Clone this repository and install the requirements.
Assuming myStrategy.json has been generated with UPPAALs saveStrategy command, import it using
from stratetrees.models import QTree
qtree = QTree("path/to/myStrategy.json")A QTree is a set of decision trees that in combination represents an entire Q-function for a policy in a Reinforcement Learning setting. Each of the trees that makes up the QTree represents the Q-function with respect to a single action, ie. a mapping from a state to a Q-value. The QTree is an abstraction that allows the mapping from a state to the optimal action by querying each tree and returning the action with the best Q-value.
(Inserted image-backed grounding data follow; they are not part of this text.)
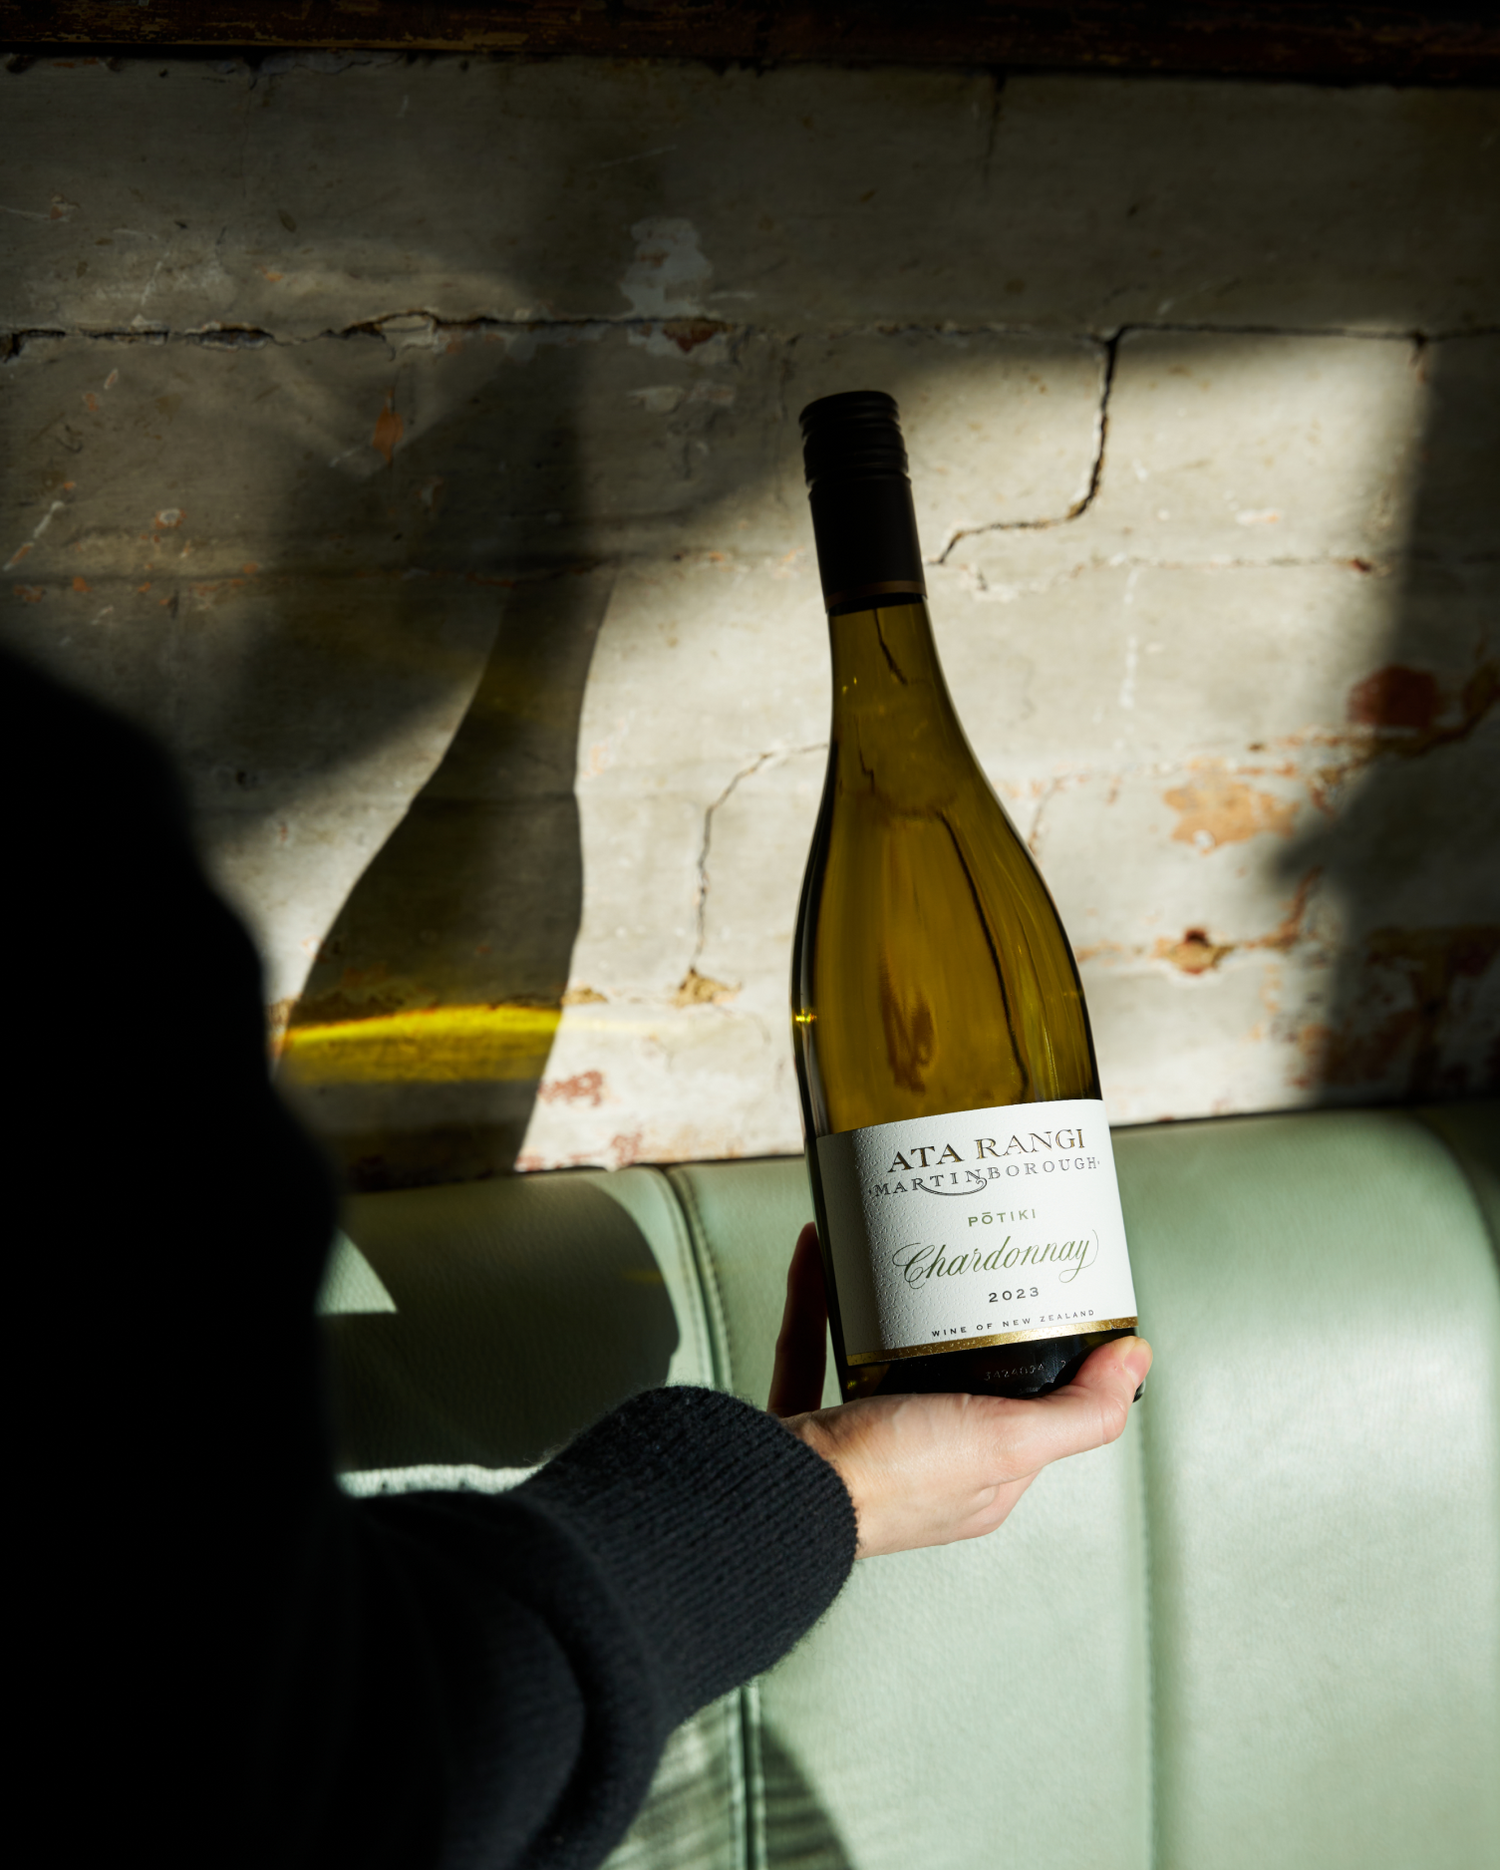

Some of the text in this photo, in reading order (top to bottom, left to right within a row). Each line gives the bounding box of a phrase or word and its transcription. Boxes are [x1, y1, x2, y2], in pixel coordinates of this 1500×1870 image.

[887, 1128, 1086, 1174] ATA RANGI
[967, 1208, 1037, 1228] PŌTIKI
[891, 1229, 1099, 1290] Chardonnay
[988, 1286, 1040, 1304] 2023
[931, 1309, 1095, 1338] WINE OF NEW ZEALAND
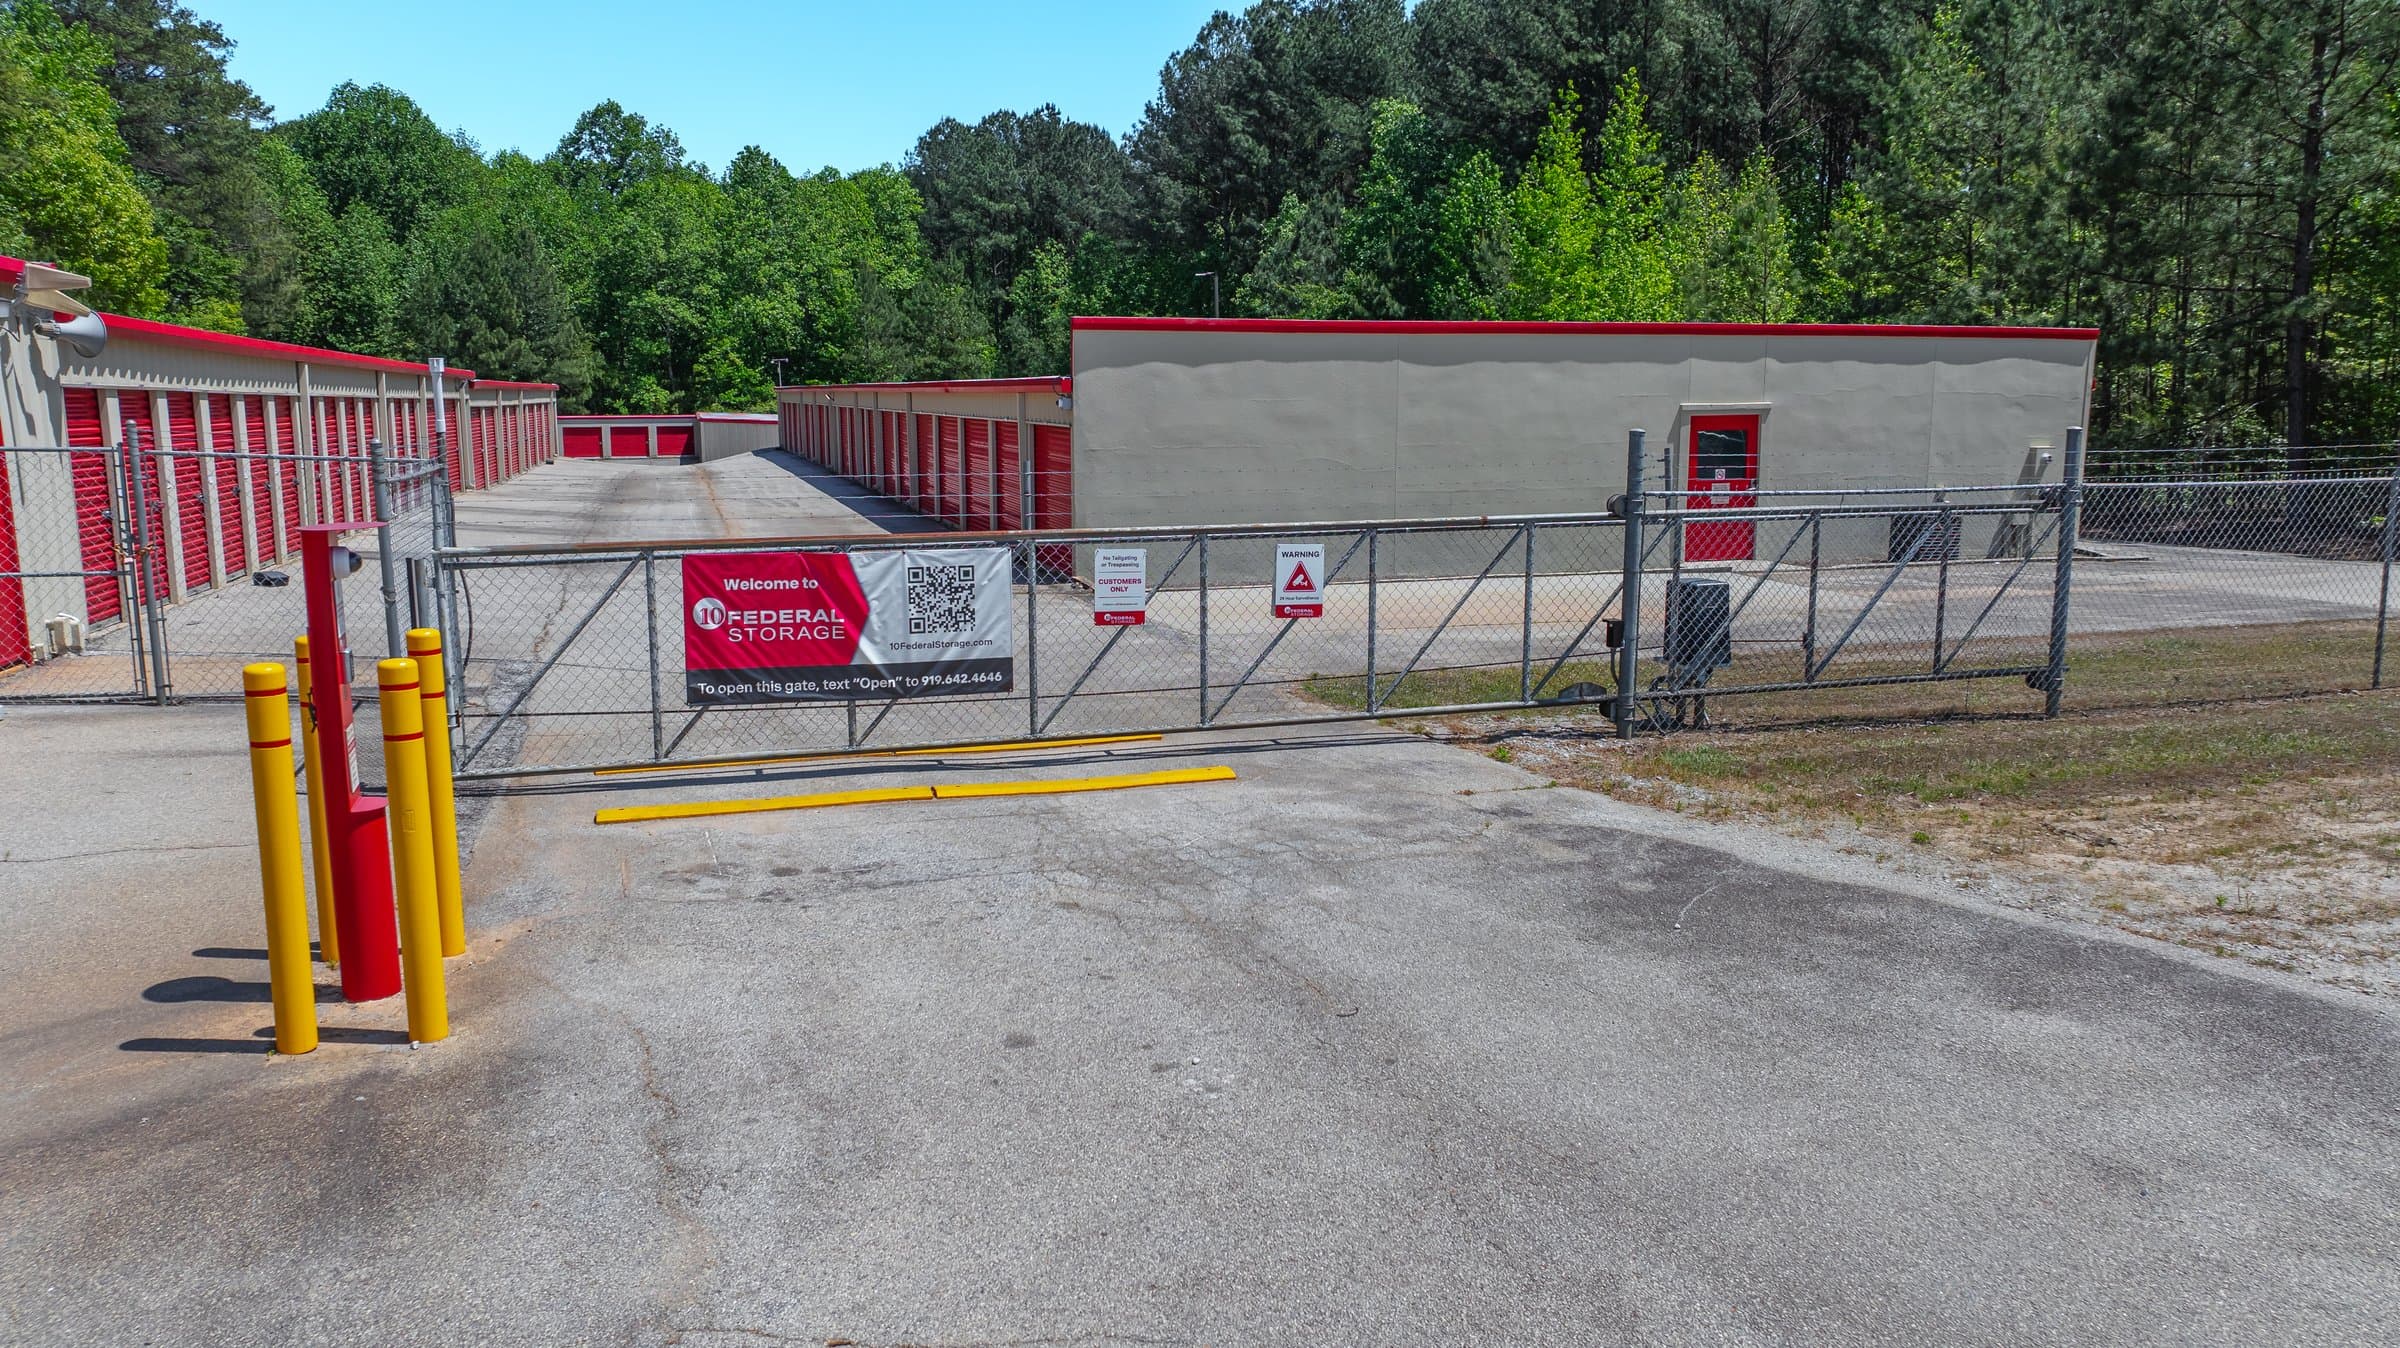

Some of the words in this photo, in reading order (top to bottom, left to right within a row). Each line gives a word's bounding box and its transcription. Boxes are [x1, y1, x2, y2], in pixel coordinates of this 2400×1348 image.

[724, 578, 799, 591] Welcome
[802, 577, 818, 589] to
[699, 607, 725, 625] 10
[727, 609, 845, 625] FEDERAL
[728, 625, 846, 642] STORAGE
[889, 639, 993, 650] 10FederalStorage.com
[698, 682, 715, 694] To
[718, 683, 753, 696] open
[756, 680, 782, 693] this
[785, 680, 820, 693] gate,
[822, 679, 850, 690] text
[905, 676, 919, 687] to
[921, 672, 1002, 686] 919.642.4646
However, often we would rather want a single decision tree that maps directly from a state to an optimal action. This can be done easily with the function to_decision_tree():
dtree = qtree.to_decision_tree()These trees can, however, become quite large, both as a result of UPPAALs learning algorithm and because of the inefficiency of the merging operation in QTree. A lossless minimization algorithm is provided to accommodate for this issue and can achieve quite substantial reductions:
from stratetrees.advanced import max_parts
small_tree = max_parts(dtree)A repeated application of max_parts can probably improve the reduction even further, which can be done easily with minimize_tree:
from stratetrees.advanced import minimize_tree
min_tree, _ = minimize_tree(dtree, max_iter=10, verbose=True)In all cases, a DecisionTree is returned. It exposes several methods and attributes, but most notably tree.predict(state) which returns the optimal action (according to the strategy) in state. Other attributes are tree.size, tree.n_leaves, tree.variables and tree.actions. A tree can be saved as a json-file via the call tree.save_as("my_dt_strategy.json") or exported back to a format readable by UPPAAL with tree.export_to_uppaal("my_minimized_uppaal_strategy.json") (given it was originally created from a UPPAAL file.